P.S: I just gave him his dinner, he ate it up really fast, no problem.
You should really take him to the vet to see if there is something stuck in his nose. Beagles are always using their noses, probably more than most breeds. It's what they were bred to do.
Do you live in the city, the suburbs or in the country? I ask because if you live in the country, or if you have a lot of plants in your yard, it's possible that he managed to inhale something and now it is stuck in his nose. Dogs have inhaled foxtails before and these can be very painful and actually need to be removed by the vet if they become stuck in the nostril.
He could also have a simple case of allergies. It is September, and many of the fall plants that affect humans with allergies also affect dogs. Also, like humans, dogs can develop allergies at any time, even if they have never been affected by them before. However, like with anything else, the only way to tell would be to take him to a vet for evaluation.
Please post back and let us know what happens.
Did the breathing seem anything like this?:
(and there are a few more videos which you will find which might help.)
If you think it was the same thing, then this is reverse sneezing, which is apprently quite harmless, even though it does look a little strange, and can be scary if you haven't seen this before. My dog has attacks of reverse sneezing occasionally. I calm her gently because she seems a little dismayed by the whole thing. I have been reassured that it causes them no harm, and is not a symptom of any other illness.

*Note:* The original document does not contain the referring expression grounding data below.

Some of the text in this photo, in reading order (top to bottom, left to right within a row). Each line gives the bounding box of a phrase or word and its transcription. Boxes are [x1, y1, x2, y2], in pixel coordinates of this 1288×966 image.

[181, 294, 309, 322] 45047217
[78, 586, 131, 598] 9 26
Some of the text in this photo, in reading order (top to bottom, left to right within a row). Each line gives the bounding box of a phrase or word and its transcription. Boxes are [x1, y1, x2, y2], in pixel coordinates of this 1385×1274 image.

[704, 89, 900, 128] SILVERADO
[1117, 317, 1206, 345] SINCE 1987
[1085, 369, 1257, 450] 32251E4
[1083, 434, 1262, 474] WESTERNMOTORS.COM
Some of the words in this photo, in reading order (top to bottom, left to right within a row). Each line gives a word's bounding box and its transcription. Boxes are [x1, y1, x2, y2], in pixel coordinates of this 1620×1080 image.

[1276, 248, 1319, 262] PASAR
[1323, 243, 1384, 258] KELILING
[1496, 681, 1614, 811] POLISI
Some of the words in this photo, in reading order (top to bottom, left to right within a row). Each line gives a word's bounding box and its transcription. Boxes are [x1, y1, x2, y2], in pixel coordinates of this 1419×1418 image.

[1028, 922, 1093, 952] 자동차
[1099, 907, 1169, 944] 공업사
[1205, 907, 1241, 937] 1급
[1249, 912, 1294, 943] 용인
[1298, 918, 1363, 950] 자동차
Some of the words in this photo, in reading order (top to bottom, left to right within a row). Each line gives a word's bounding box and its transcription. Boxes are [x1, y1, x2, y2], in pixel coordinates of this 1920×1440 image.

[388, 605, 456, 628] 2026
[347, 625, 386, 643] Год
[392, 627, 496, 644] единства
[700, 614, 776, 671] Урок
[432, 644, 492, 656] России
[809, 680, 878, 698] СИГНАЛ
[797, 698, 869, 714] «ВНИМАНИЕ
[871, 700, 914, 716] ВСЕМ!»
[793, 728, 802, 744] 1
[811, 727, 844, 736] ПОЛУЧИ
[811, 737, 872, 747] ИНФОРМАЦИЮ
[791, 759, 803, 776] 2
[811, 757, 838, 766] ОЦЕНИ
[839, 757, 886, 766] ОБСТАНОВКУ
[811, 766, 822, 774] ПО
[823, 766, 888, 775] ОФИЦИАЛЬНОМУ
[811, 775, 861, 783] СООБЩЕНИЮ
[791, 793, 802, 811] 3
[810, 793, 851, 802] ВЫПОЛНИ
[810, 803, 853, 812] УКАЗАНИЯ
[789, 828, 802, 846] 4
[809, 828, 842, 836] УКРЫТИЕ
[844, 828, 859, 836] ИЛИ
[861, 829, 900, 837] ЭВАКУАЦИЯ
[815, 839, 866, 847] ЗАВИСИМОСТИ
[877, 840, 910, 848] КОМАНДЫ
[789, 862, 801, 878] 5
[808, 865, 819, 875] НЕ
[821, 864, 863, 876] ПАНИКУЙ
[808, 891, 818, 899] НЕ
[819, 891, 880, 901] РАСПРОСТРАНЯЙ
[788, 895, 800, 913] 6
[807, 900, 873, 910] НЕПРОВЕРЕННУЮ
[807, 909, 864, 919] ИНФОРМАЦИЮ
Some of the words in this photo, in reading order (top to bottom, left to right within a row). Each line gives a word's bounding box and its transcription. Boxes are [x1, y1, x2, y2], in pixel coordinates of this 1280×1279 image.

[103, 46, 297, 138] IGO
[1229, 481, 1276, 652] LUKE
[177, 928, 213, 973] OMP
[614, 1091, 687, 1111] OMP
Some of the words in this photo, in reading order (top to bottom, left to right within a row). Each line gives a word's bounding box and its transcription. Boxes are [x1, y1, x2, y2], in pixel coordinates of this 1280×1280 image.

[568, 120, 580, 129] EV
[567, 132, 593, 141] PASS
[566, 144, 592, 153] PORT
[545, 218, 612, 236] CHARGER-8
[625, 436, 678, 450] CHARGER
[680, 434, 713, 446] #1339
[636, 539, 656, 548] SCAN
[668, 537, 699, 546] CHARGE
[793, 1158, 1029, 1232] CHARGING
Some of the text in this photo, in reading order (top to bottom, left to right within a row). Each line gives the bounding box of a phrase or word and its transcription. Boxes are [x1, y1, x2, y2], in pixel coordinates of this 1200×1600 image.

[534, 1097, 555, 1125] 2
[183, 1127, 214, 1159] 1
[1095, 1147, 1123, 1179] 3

Just guesswork on my part. If you are at all unsure, then do take your dog to the vet. I have heard bad things about foxtails, so if there is a problem with one, it is better sorted out fast.
oh wow thanks so much. That second video is exactly what my dog was doing. I called my vet and he didn't seem too concerned either.
Anyway, he's fine now, it stopped after 2 or 3 times yesterday. So weird, maybe he is reverse sneezing due to allergies. We do live in the city, not too many plants around.
Thank you again!!!!!
As far as I know, reverse sneezing is not necessarily caused by any allergies. So bear that in mind before possibly giving him any anti-allergy medication.
It is a bit of a mystery what DOES cause it, but dogs all over the world seem to do it from time to time, with no obvious detriment to their health (yes it does look scary when it happens, and some dogs get a little bit scared of it themselves, whereas others don't.)
It's important not to confuse reverse sneezing with other weird noises dogs can make which ARE a symptom of illness, such as persistent coughing, retching, or the strangulated sounds of a collapsing trachea.
But if your vet doesn't see any reason to be concerned, that's a plus.
I find the best way to handle a reverse sneezing episode (which does upset my dog a bit) is to gently stroke her and calm her without making any fuss at all. And it passes in a minute or two with no ill-effects at all.
my mind went right to reverse sneezing I raced to the vet the first time. it passes though
Thanks so much for this post. Today my dog has a similar sign during a walk and I thought he is lack of oxygen. I have been warned to watch out of difficulties in breathing since he has heart murmur. The whole episode ended when I carried him. He did that again when we reach home. The thing didn't occur again after his meal. And not long after he is running around jumping. Luckily I remembered that one of the sign for out of breath is opening the mouth wide which my dog didn't. So I googled and found your thread! Thank goodness!